🤖 AI Summary
This work addresses the lack of systematicity in engineering system design, often caused by ambiguous requirements and poor traceability, as well as the prevailing focus of existing AI tools on solution generation rather than problem formulation. To bridge this gap, we propose Design-OS—a lightweight, specification-driven five-stage design process that ensures end-to-end traceability from conceptual to parametric representations through structured design artifacts. For the first time, we extend specification-driven human-AI collaboration from software to physical system design, integrating control theory with systems engineering principles. The framework enables human-AI co-execution via autonomous agents within a unified, auditable, and hardware-agnostic workflow. We demonstrate its generality and reproducibility on two rotary inverted pendulum platforms, with open-sourced templates and complete design artifacts significantly enhancing transparency and systematic rigor.
📝 Abstract
Engineering system design -- whether mechatronic, control, or embedded -- often proceeds in an ad hoc manner, with requirements left implicit and traceability from intent to parameters largely absent.

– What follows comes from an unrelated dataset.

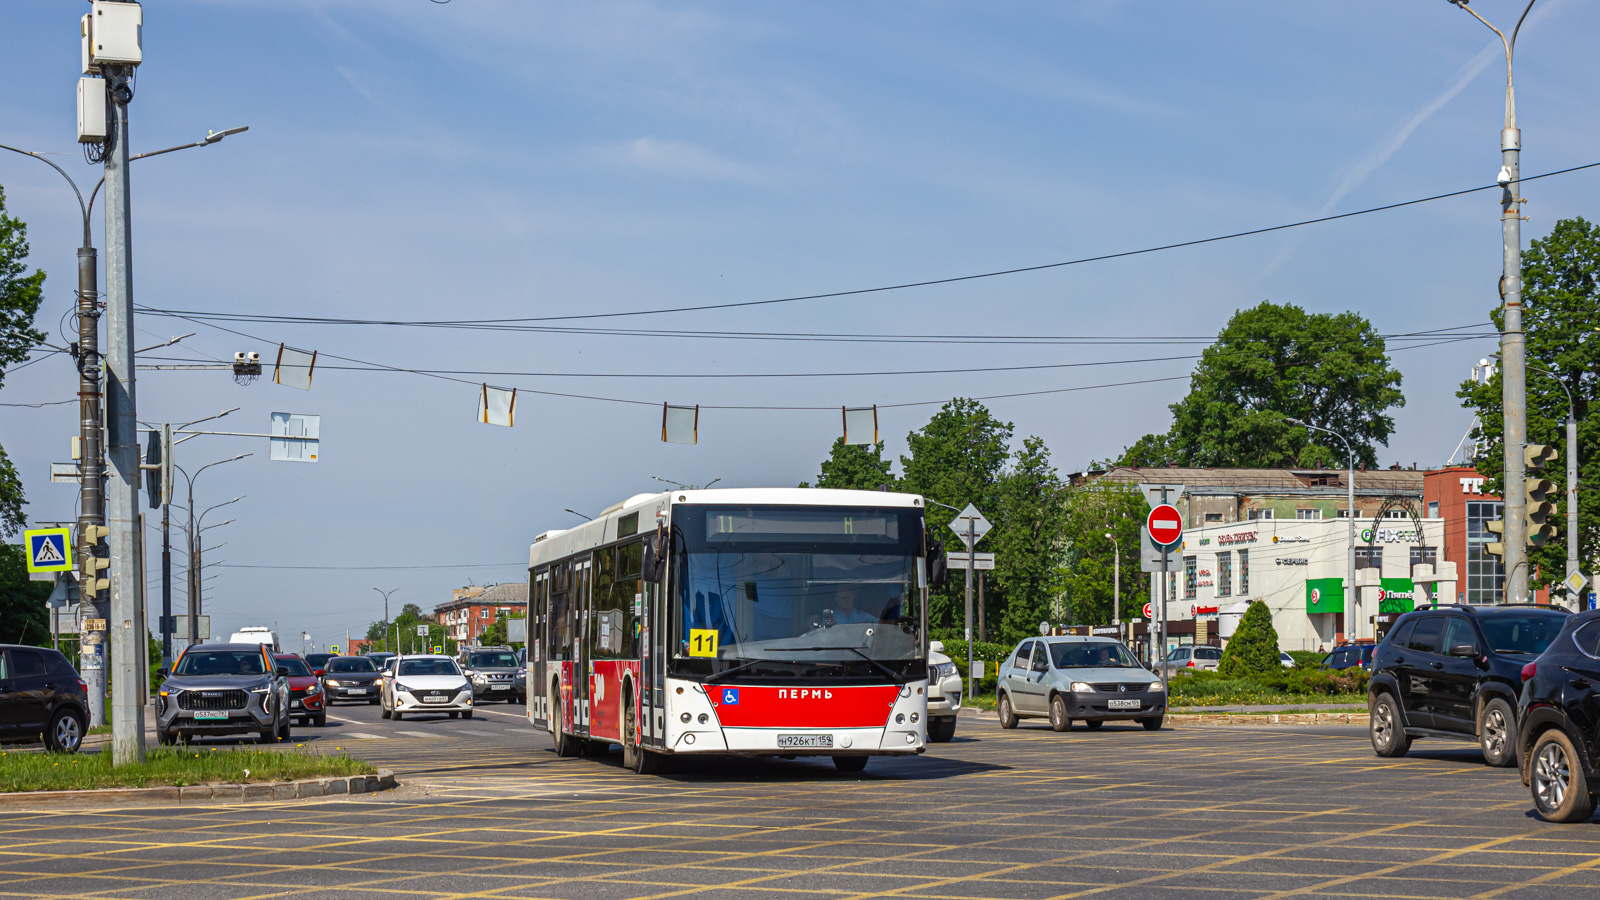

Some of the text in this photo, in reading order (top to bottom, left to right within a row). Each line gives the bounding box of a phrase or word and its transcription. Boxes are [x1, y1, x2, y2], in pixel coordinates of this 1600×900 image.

Existing specification-driven and systematic design methods mostly target software, and AI-assisted tools tend to enter the workflow at solution generation rather than at problem framing. Human--AI collaboration in the design of physical systems remains underexplored. This paper presents Design-OS, a lightweight, specification-driven workflow for engineering system design organized in five stages: concept definition, literature survey, conceptual design, requirements definition, and design definition. Specifications serve as the shared contract between human designers and AI agents; each stage produces structured artifacts that maintain traceability and support agent-augmented execution. We position Design-OS relative to requirements-driven design, systematic design frameworks, and AI-assisted design pipelines, and demonstrate it on a control systems design case using two rotary inverted pendulum platforms -- an open-source SimpleFOC reaction wheel and a commercial Quanser Furuta pendulum -- showing how the same specification-driven workflow accommodates fundamentally different implementations. A blank template and the full design-case artifacts are shared in a public repository to support reproducibility and reuse. The workflow makes the design process visible and auditable, and extends specification-driven orchestration of AI from software to physical engineering system design.